Per comodità qui sotto c’è il post con cui Control Italia è uscita sulla sua pagina Facebook, quello in cui denuncia che la campagna non poteva uscire.
Comunque, il giorno dell’uscita della newsletter, venerdì 12 maggio, Erika Mameli, nuova direttrice creativa di Together, risponde sulla mia fanpage su Facebook assicurandomi che la campagna era stata bloccata da un Ente, ma senza dire quale.
Gli Enti diventano addirittura due quando una manager non meglio identificata di Together rilascia un’intervista a Sky TG24: “ma una volta visionata, due diversi enti hanno deciso di bloccarla”.
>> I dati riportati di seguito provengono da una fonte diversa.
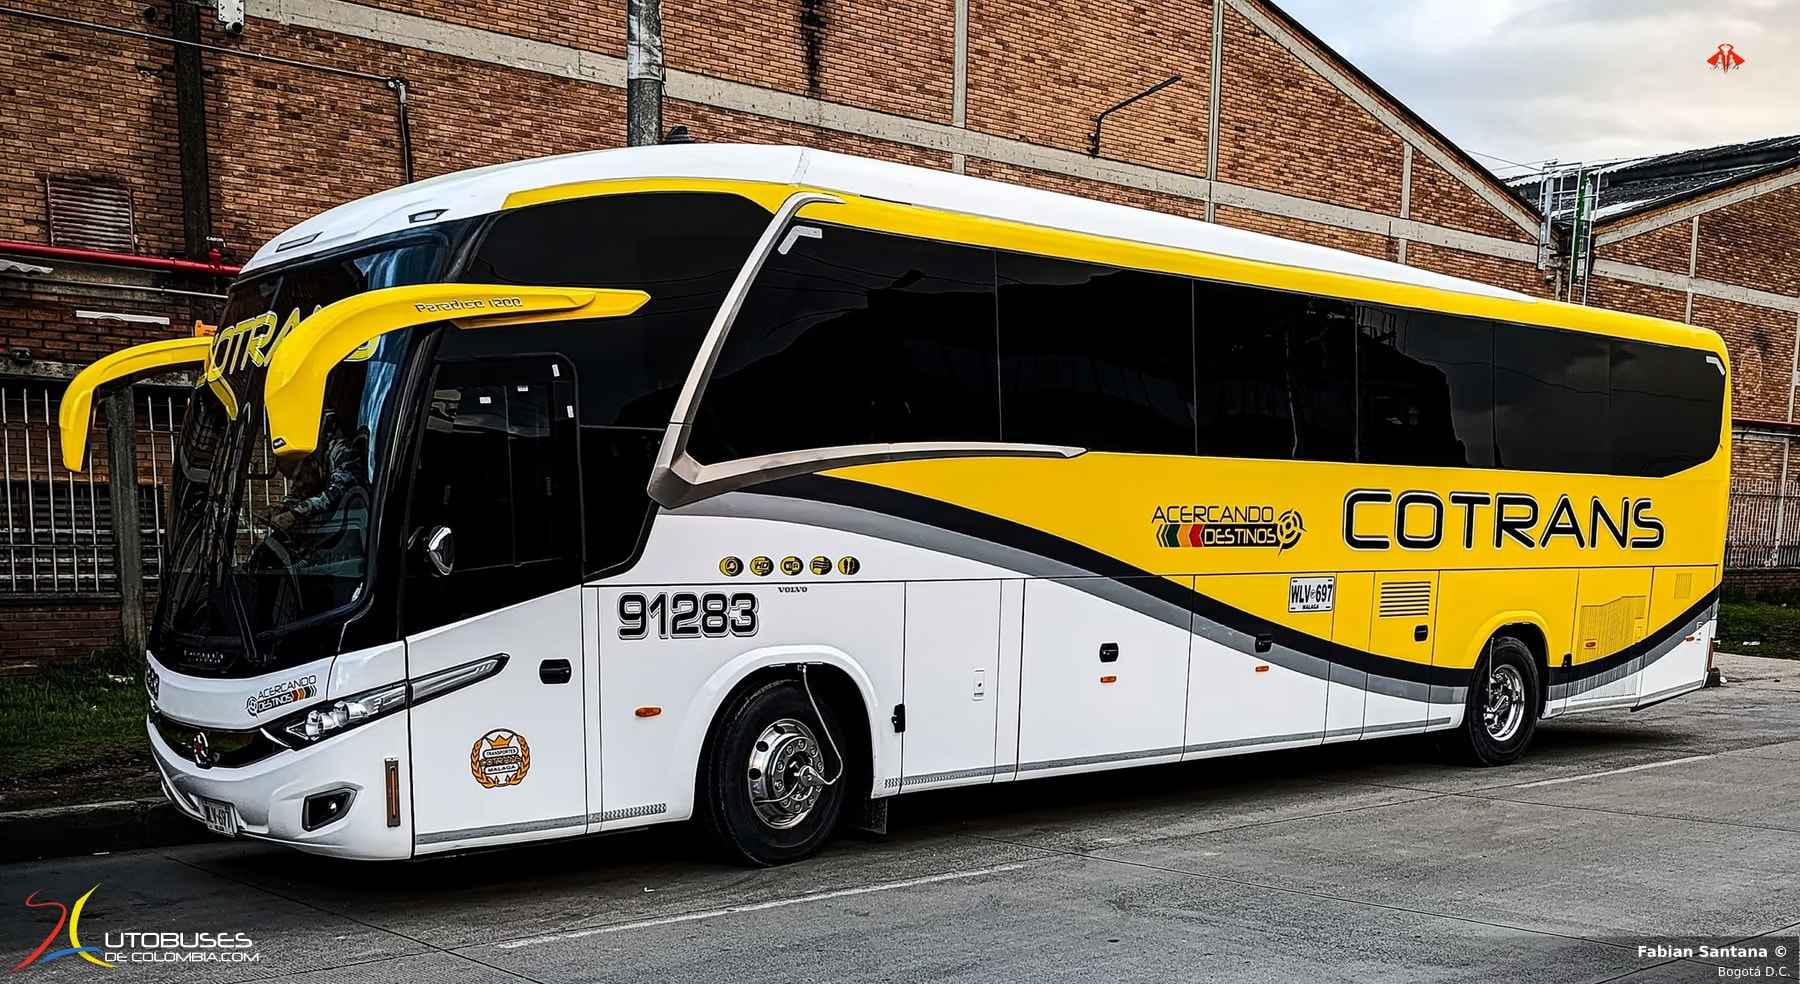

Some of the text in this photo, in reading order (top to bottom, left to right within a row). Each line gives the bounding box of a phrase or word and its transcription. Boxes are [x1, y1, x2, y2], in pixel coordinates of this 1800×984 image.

Quasi tutti i quotidiani scrivono della campagna, ma mentre Repubblica, Open, il Fatto Quotidiano… si limitano a parlare di censura e amplificare la notizia, il Corriere si pone la mia stessa legittima domanda, e cioè: “Ma chi ha bloccato la pubblicità di Control pensata per la Festa della mamma?”
Siccome il Corriere è il quotidiano italiano più autorevole, a questa domanda risponde Federica Conte, Marketing Manager di Control: «Non è stata fermata dall’organo di disciplina pubblicitaria. È stato un ente privato con cui c’era già un accordo su tempistica e budget».
E il quotidiano conclude (qui puoi leggere l’articolo completo): “Di più, su chi non ha voluto le affissioni, da Control non vogliono dire… Se fosse tutta una (furba) campagna di comunicazione? Non siamo in grado di dire se il blocco alle affissioni sia cosa certa”.
Però finalmente una cosa l’abbiamo scoperta: lo IAP non c’entra niente.
Strano, perché molte persone sui social si sono convinte che c’entri proprio lo IAP. Pasquale Diaferia, ad esempio.
Qualcuno si mostra scettico, ma Pasquale insiste.
E insiste.
Tra l’altro nessuno sa cosa c’entri Massimo Guastini in questa vicenda, ma Pasquale sembra avere il dogma assoluto.
Al contrario di Pasquale, che probabilmente ha chiesto a suo cuggino, io per togliermi ogni dubbio ho contattato Vincenzo Guggino, Segretario Generale dell’Istituto dell’Autodisciplina Pubblicitaria, IAP, che mi ha risposto così.
Gentile Signor Mizio Ratti, rispondiamo volentieri alla sua richiesta di chiarimenti in merito al parere preventivo IAP cui lei ha fatto cenno nel suo commento all’ipotetica campagna “Control”.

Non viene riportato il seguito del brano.